Der dümmste anzunehmende User ist nach ihren Worten „unmotiviert, bequem, leicht ablenkbar und begriffsstutzig“. Er tarnt sich meist als Otto Normalverbraucher.


Profitieren statt ärgern

Nun kann man sich über einen solchen dummen Nutzer natürlich ärgern. Zum Beispiel, wenn er mit der Nutzung der Website nicht zurechtkommt, Bestellvorgänge abbricht oder die Hotline mit angeblich dummen Fragen nervt. Dabei müsste man dem DAU sogar einen Orden anheften. Denn er macht uns auf Fehler in der Website-Gestaltung aufmerksam.

Wie Ihnen der DAU hilft

1. Der DAU hasst das Internet oder kennt sich nicht aus
Wer mit solchen Voraussetzungen ins Internet geht, der ist nicht gerade hoch motiviert: Die Online-Suche nach Informationen oder Produkten macht ihm vielleicht schon Stress. Ein solcher Nutzer ist von komplizierten Websites schnell abgeschreckt.

Das Problem: Wer sich selbst im Internet auskennt, wird kaum entdecken, auf welche Schwierigkeiten der dümmste anzunehmende User trifft.

Abhilfe: Testen Sie eine neu gestaltete Website immer mit den Mitarbeitern, die sich am wenigsten im Internet auskennen.

2. Der DAU hat keine Lust zu suchen
Für den DAU bedeutet Suchen Stress. Ja, er kommt bereits stressgeladen auf Ihre Website. Denn schließlich startet fast jede Tour durchs Internet bei der Suchmaschine.

Abhilfe: Machen Sie Ihre Start- oder Landeseiten, die Sie zu Ihren AdWords-Anzeigen hinterlegt haben, so einfach und übersichtlich wie möglich. Denn der DAU braucht jetzt vor allem ein Gefühl: am richtigen Platz gelandet zu sein.

3. Der DAU kann nicht tippen
Für den DAU ist schon das Eingeben einer URL ein Gräuel. Und dann vertippt er sich häufig auch noch.

Abhilfe: Sorgen Sie dafür, dass sie eine kurze und einprägsame Domain für sich registrieren. Und registrieren Sie auch die Domains mit den wichtigsten Vertippern.

4. Der DAU hat keine Geduld
Da der DAU bekanntlich das Internet als Stressquelle empfindet, will er so schnell wie möglich wieder weg. Formulare? Die mag der DAU gleich gar nicht.

Abhilfe: Sorgen Sie für schnelle Ladezeiten. Machen Sie den Bestellprozess so einfach wie möglich. Ein Registrierungprozess darf nicht zur Marktforschung ausarten!

5. Der DAU klickt nicht gern
Für internetaffine Menschen ist das kein Problem. Sie tun es wahrscheinlich ein paar 100-mal am Tag. Dem DAU kommt Klicken aber eher verdächtig vor. Wer weiß, was sich nach dem Klick alles tut?

Abhilfe: Sorgen Sie dafür, dass man jede Seite Ihres Web-Angebots mit maximal 2 Klicks erreichen kann, egal, auf welcher Unterseite der DAU sich gerade befindet. Integrieren Sie – und dies gut sichtbar – eine Telefonnummer. Denn der DAU wechselt lieber das Medium und greift zum Telefonhörer, um Sie anzurufen.

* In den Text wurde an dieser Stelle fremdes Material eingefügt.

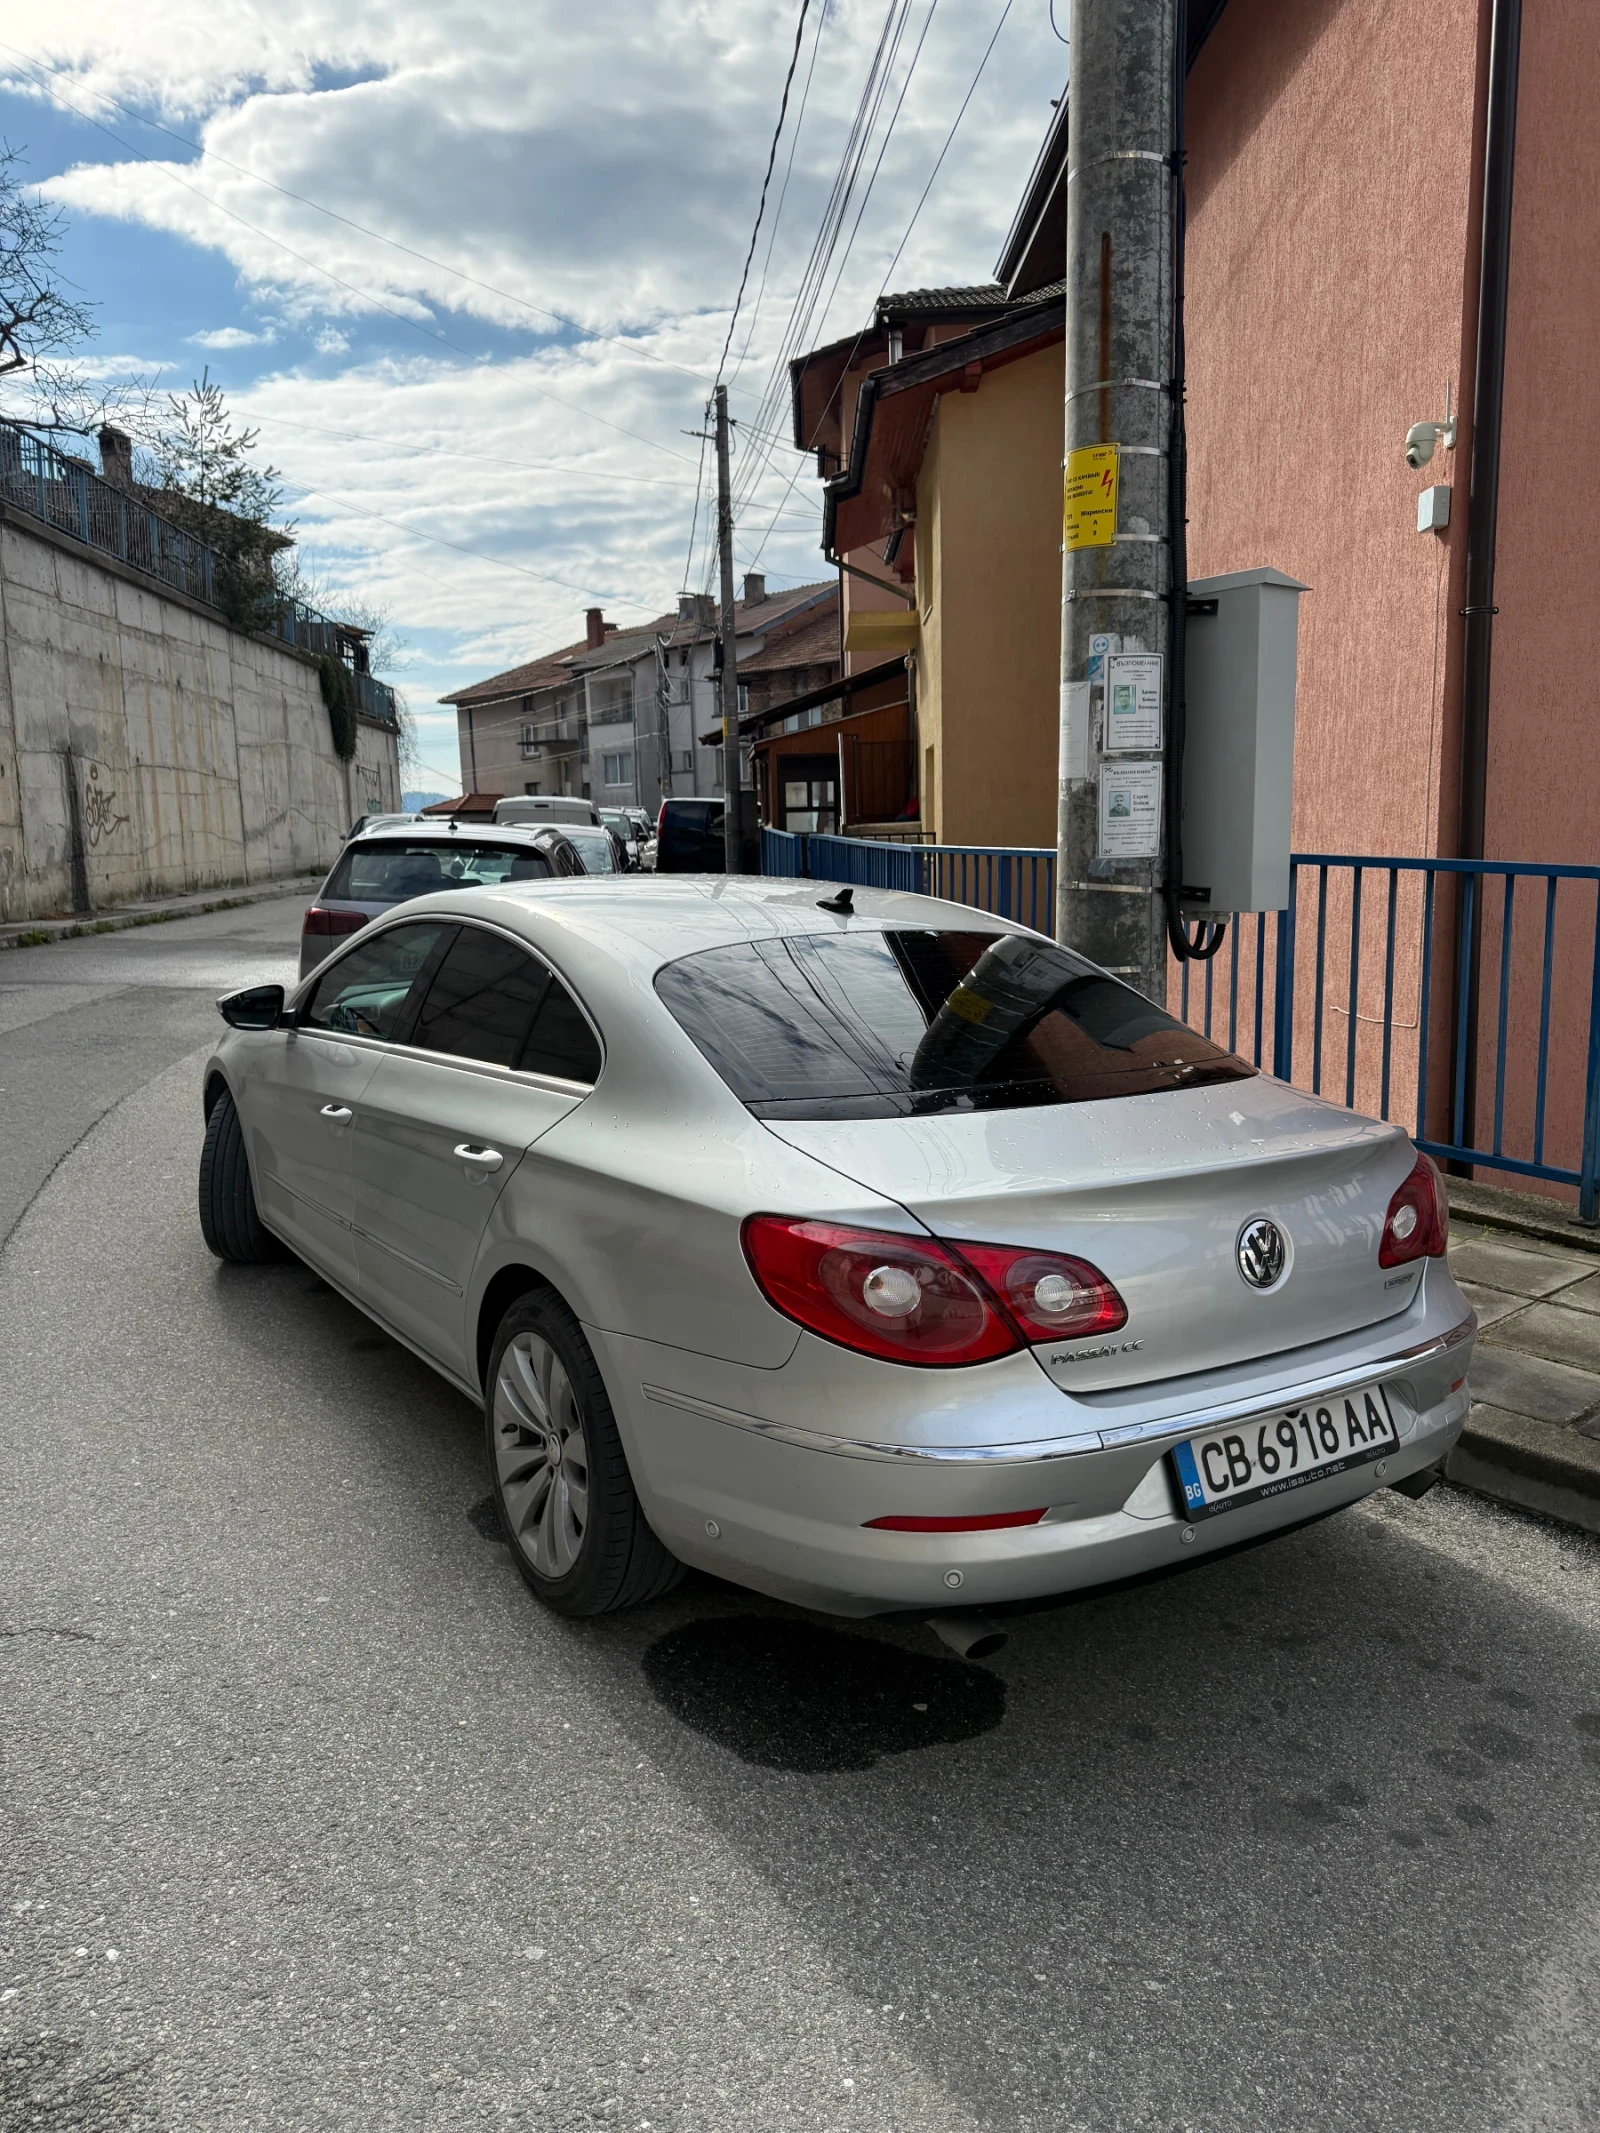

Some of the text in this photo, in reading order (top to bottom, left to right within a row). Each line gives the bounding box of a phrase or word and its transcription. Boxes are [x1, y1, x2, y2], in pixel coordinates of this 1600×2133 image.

6. Der DAU lässt sich entmutigen
Und zwar dann, wenn eine Fehlermeldung erscheint.

Abhilfe: Testen Sie Ihr Web-Angebot ausgiebig, um Fehler schon im Vorfeld auszuschließen. Hinterlegen Sie eine Seite, die bei Fehlermeldungen angezeigt wird. Gestalten Sie diese Fehlerseite so, dass Sie den DAU doch noch ans Ziel bringen können.

7. Der DAU will belohnt werden

Wenn das ganze Internet schon so stressig ist, denkt der DAU, dann soll es sich wirklich lohnen.

Abhilfe: Signalisieren Sie Online-Bestellern Preisvorteile oder schnellere Lieferzeiten.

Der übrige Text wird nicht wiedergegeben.